In 2003, Portillo left her own family behind in Mexico to conduct her dissertation research on immigrant movement in America. Right away, she witnessed the challenges that the complicated U.S. immigration system creates for its newest residents, and she felt compelled to help. “I believed that by doing organizing work, I would learn more about immigrant rights,” she says. Portillo became a U.S. citizen in 2014, after traveling between the United States and Mexico to visit her mother and sister proved too troublesome. “Every time I’d go through security, I’d get detained by customs,” she says. “It was a constant struggle.”

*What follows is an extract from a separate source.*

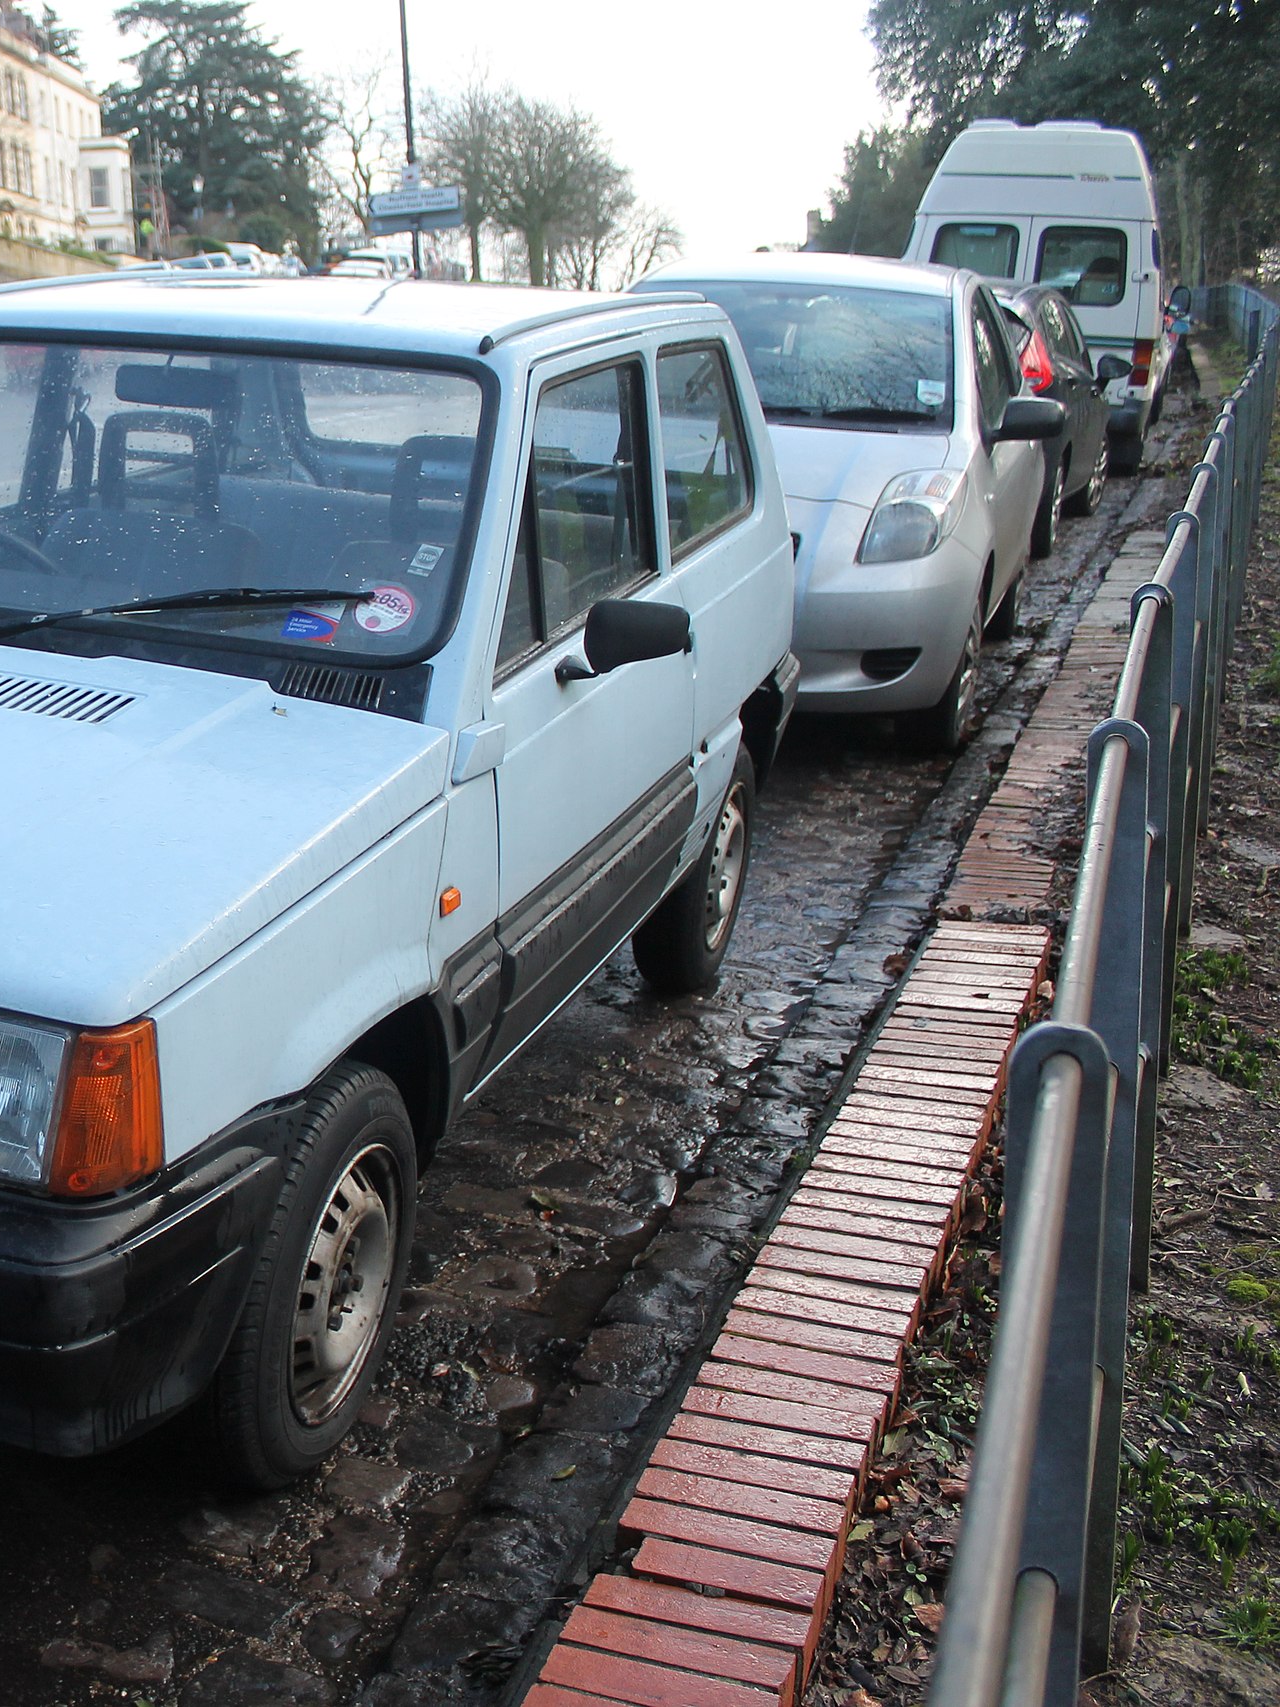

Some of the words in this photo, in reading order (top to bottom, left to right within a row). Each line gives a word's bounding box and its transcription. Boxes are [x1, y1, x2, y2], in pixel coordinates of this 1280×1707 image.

[418, 552, 437, 561] STOP
[379, 594, 401, 608] 05
[289, 622, 319, 631] Emergency

Since arriving in America 14 years ago, Portillo has helped Alabama’s immigrant population become active contributors. One current project at the coalition, which serves more than 5,000 supporters in 14 chapters across the state, attempts to secure driver’s licenses for undocumented residents, which allows them to work, support local businesses, and pay more in taxes. “Right now there’s been a lot of development in Alabama,” says Portillo. “And immigrants are part of the local workforce and moving that forward. One of our board members, Angel Aldana, is a construction worker who works nights to build bridges and highways around the state. That’s definitely a contribution for our infrastructure and our local economy.”
The system has to be reformed in a way that works for these people who really just came here to have a better life for their family.

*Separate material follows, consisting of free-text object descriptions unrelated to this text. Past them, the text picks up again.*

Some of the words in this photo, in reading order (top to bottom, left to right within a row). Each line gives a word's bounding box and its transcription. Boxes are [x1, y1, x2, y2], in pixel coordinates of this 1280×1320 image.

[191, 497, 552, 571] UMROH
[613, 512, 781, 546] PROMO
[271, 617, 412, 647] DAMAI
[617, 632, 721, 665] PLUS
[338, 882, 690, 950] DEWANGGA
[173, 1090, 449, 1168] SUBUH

If spending nearly two decades working with our nation’s foreign-born population has taught her anything, says Portillo, it’s that people underestimate the value that immigrants bring to their communities. “There’s always been misunderstandings about the contributions immigrants have made to this country. Like people think we don’t pay taxes, but we do. Every day when we buy food, clothing, gas, all those things,” she says. Many undocumented immigrants also have income taxes and social security and medicare payments deducted from their paychecks. “And in addition to the domestic and construction work we do, we’re teachers, doctors, researchers, and entrepreneurs who create even more jobs for our communities.” Portillo is right. Immigrants in her district paid more than $70 million in taxes and held more than $224 million in spending power for area businesses in 2014. They also make up a significant portion of her district’s construction, accommodation, food services, and agriculture industries.
The best thing for everyone, says Portillo, would be to allow these new Americans to live, work, and contribute in the country they choose to call home. “There should be a way for us to not be criminalized and persecuted because we want to live in another part of the world,” she says. “The system has to be reformed in a way that works for these people who really just came here to have a better life for their family.”